Trata-se, em bom rigor, de uma objectividade relativa e não absoluta, face às causas de exclusão e de redução da responsabilidade (artºs 5º e 7º), que visam alcançar uma justa repartição dos riscos do lesado e produtor, cabendo a este ilidir qualquer das presunções legais estabelecidas. Porém, a lei apenas cobre os danos em coisas diversas do produto defeituoso (art. 8º).
A Lei nº. 24/96 de 31/7 (LDC), alterada pelo DL 67/2003 de 8/4, ao conferir ao consumidor o direito à reparação da coisa ou à sua substituição está a pressupor uma relação contratual directa com o fornecedor remetendo a responsabilidade objectiva do produtor para os “termos da lei” (artº. 12º, nº. 2), ou seja, para o DL 383/89 de 6/11.
O DL 67/2003 de 8/4 veio consagrar, pela primeira vez, medidas jurídicas relativas às garantias voluntariamente assumidas pelo vendedor, fabricante ou por qualquer intermediário (artº. 9º), bem como a responsabilidade directa do produtor perante o consumidor, pela reparação ou substituição da coisa defeituosa (artº. 6º).
Com efeito, em relação ao produtor do bem, prevê o artº. 6º, nº. 1 daquele diploma legal que “Sem prejuízo dos direitos que lhe assistem perante o vendedor, o consumidor que tenha adquirido coisa defeituosa pode optar por exigir do produtor a sua reparação ou substituição, salvo se tal se manifestar impossível ou desproporcionado tendo em conta o valor que o bem teria se não existisse falta de conformidade, a importância desta e a possibilidade de a solução alternativa ser concretizada sem grave inconveniente para o consumidor”, pretendendo-se com este preceito e com a extensão das garantias previstas no artº. 9º – como se afirma no preâmbulo – “estender ao domínio da qualidade a responsabilidade do produtor pelos defeitos de segurança, já hoje prevista no DL nº. 383/89 de 6 de Novembro”.
O mencionado artº. 6º, nº. 1 do DL 67/2003 faculta ao consumidor, sem prejuízo dos direitos que lhe assistem perante o vendedor, a chamada “acção directa” contra o produtor ou seu representante, a fim de reclamar a reparação ou substituição da coisa defeituosa, mas já não a anulação ou resolução do contrato.
Conforme se refere no acórdão da RC de 1/03/2016 supra citado, o regime previsto no artº. 6º do DL 67/2003 de 8/4 «através da “acção directa” (…) pretende estender a responsabilidade contratual do produtor perante terceiros, configurando, segundo determinado entendimento, na esteira do direito francês, uma cessão da garantia por vícios emergentes do contrato firmado entre o produtor e o primeiro adquirente, aos adquirentes sucessivos da coisa defeituosa.

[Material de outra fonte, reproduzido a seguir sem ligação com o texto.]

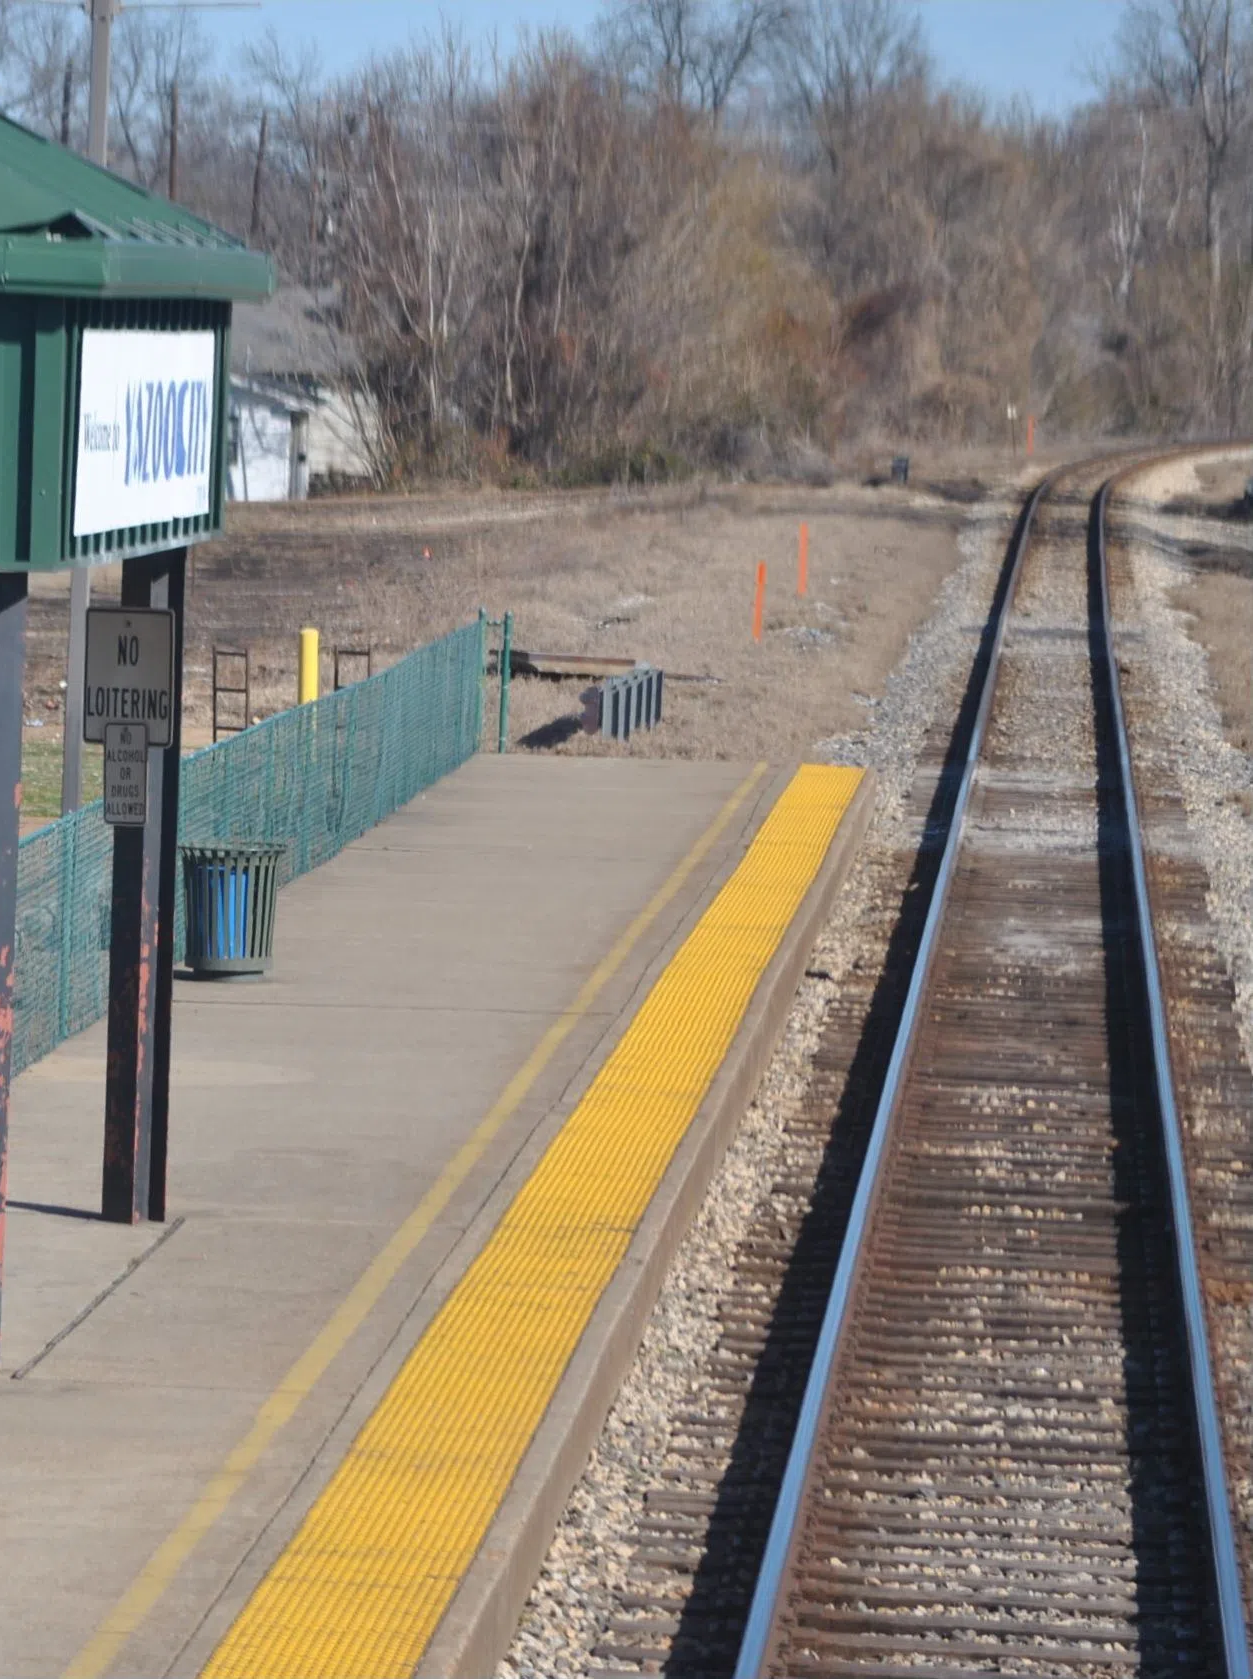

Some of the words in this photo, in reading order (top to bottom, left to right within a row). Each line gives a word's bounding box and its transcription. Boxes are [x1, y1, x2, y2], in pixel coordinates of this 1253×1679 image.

[84, 411, 111, 452] Welcome
[117, 635, 139, 666] NO
[87, 686, 168, 720] LOITERING
[120, 732, 132, 745] NO
[107, 749, 145, 763] ALCOHOL
[119, 767, 131, 780] OR
[111, 784, 139, 798] DRUGS
[106, 802, 145, 816] ALLOWED

Daí que, no quadro legislativo vigente, a responsabilidade civil do produtor perante terceiros assuma uma dupla natureza, conforme os respectivos pressupostos: por um lado, a natureza de responsabilidade delitual objectiva, por outro, a natureza de responsabilidade contratual (acção directa).»
Quer isto dizer que o produtor está obrigado à reparação ou substituição do bem, independentemente da causa da avaria ou da culpa, mas não está obrigado à resolução ou anulação do contrato, pelo que se não vê, em qualquer caso, fundamento legal para o peticionado nas alíneas a) e b) – resolução do contrato de compra e venda celebrado entre a A. e a Ré e restituição à A. do valor que esta pagou pela compra do veículo - relativamente à Chamada Y (cfr. acórdão da RL de 26/09/2019 acima referido).

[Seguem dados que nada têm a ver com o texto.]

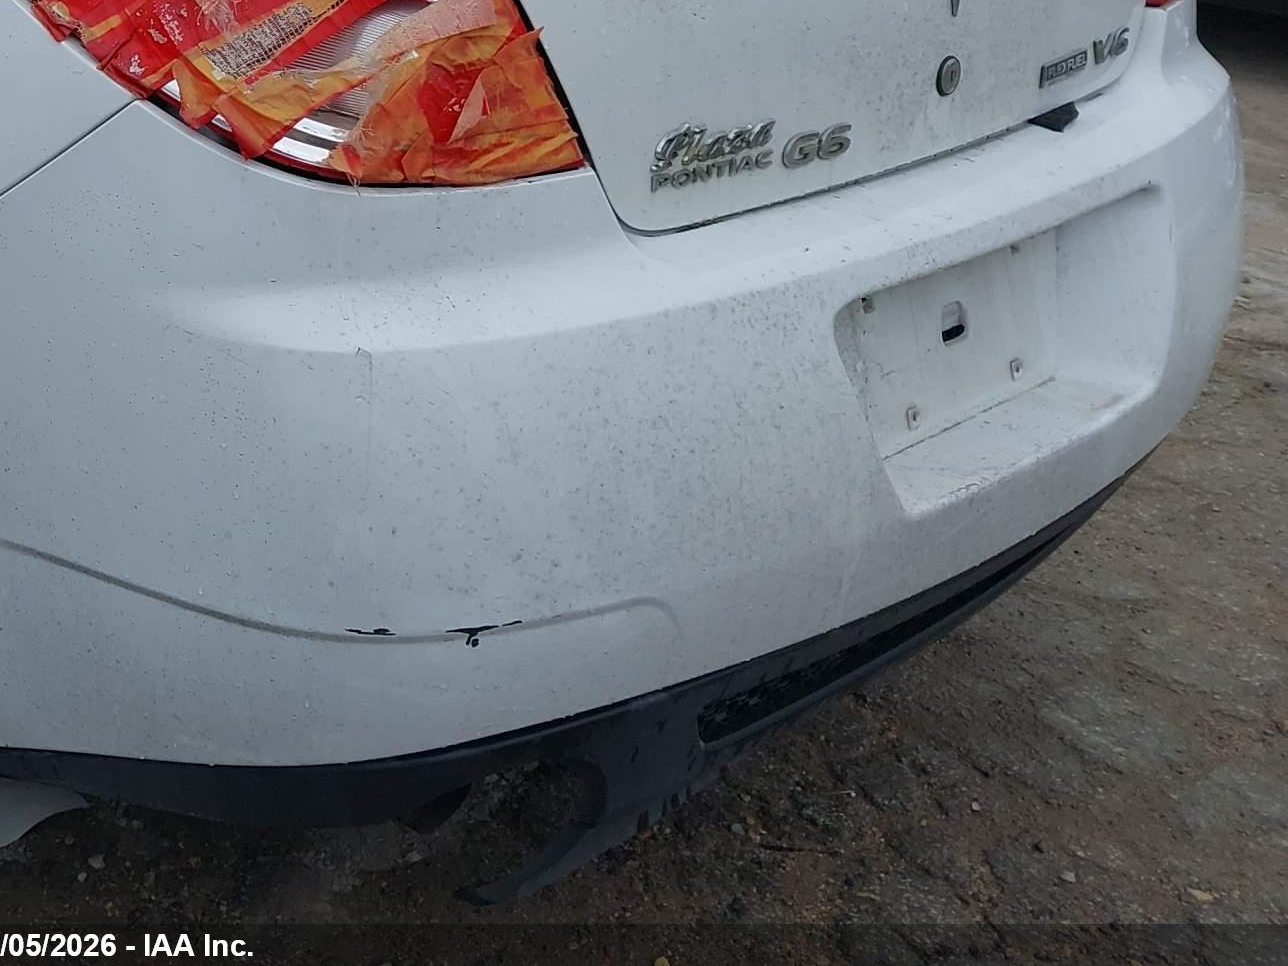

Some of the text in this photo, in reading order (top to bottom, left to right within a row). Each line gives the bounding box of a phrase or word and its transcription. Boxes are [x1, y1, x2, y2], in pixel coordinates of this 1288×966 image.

Aliás, pedindo a A., a título principal, a resolução do contrato de compra e venda e a condenação da Ré a restituir-lhe o valor que pagou pela compra da viatura em causa [alíneas a) e b) do petitório] e, a título subsidiário, a substituição do veículo automóvel da A. por outra viatura, nova, da mesma marca, modelo, versão e ano, ou a condenação da Ré a reparar definitivamente a avaria do referido veículo [alíneas c) e d)] e sendo julgado procedente o pedido principal (como ocorreu na sentença recorrida), fica prejudicado o pedido subsidiário, que só pode ser apreciado no caso de improceder o principal.
Neste contexto, por falta de fundamento legal e factual, não pode ser revogada a sentença recorrida e substituída por uma outra que condene apenas a Chamada Y na eliminação do defeito e/ou substituição da viatura em apreço, que constituem pedidos subsidiários formulados pela A. no contexto acima referido, improcedendo, nesta parte, o recurso interposto pela Ré.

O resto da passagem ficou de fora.